There's a 99-cent pizza place on 9th Avenue behind the Port Authority bus terminal. It's next to Stiles Farmers Market, next to the now-shuttered Big Apple Meat Market. Actually, it's less of a pizza "place" and more of a pizza stand.
I wonder what will happen to it once Big Apple's building is demolished and the block goes luxury.
It's an orderly but somewhat makeshift little pizza stand, covered with red-lettered signs that seem to shout. It scored an A from the Health Department. And it always draws customers. It opened during the 99-cent recession pizza boom a few years back, and its manager claims to be first on the scene.

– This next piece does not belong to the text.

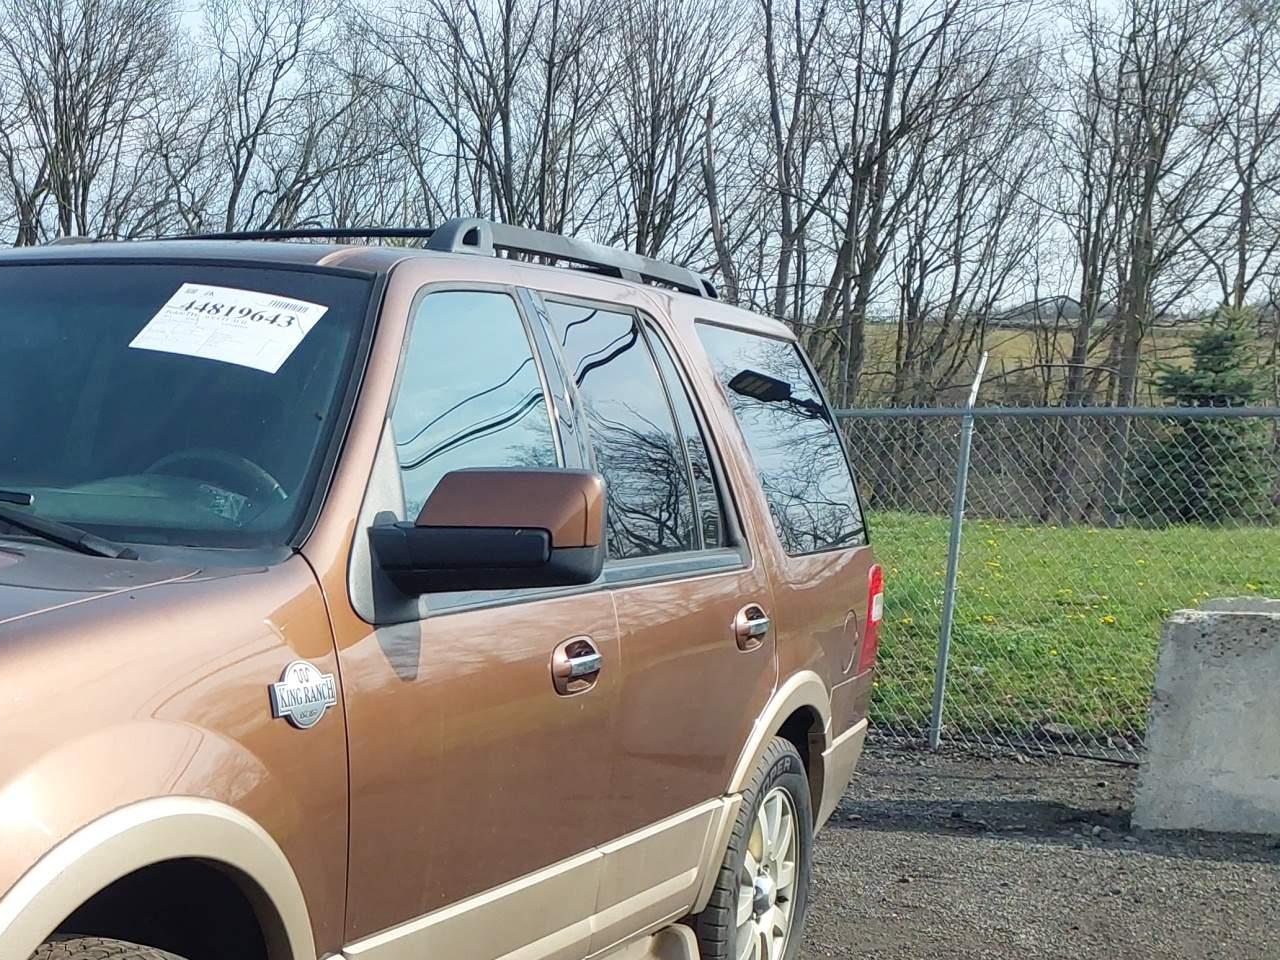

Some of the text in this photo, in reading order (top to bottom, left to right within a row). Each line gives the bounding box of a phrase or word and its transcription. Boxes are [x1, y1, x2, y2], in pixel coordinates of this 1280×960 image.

[180, 299, 296, 328] 44819643
[278, 679, 335, 709] KING RANCH

I especially like it at night, when it takes on a foggy, dirty-fishtank glow. It feels like something from the older New York.
In 2010, the Times described its scene:
"13 men and women stood on the sidewalk outside 99¢ Fresh, impatiently ordering and impatiently eating slices amid the ambiance of ungentrified Hell’s Kitchen: idling delivery trucks near the rear of the Port Authority Bus Terminal, a barking dog named Leo someone tied up down the block, a prostitute who hurried by saying something about $150 for a half-hour and a bearded homeless man with a cane who spoke loudly to himself about the size of the average bear. He ate two slices."
99-cent Fresh Pizza also sells a few lonely doughnuts, warmed by a fluorescent bulb, bathed in mercury vapor.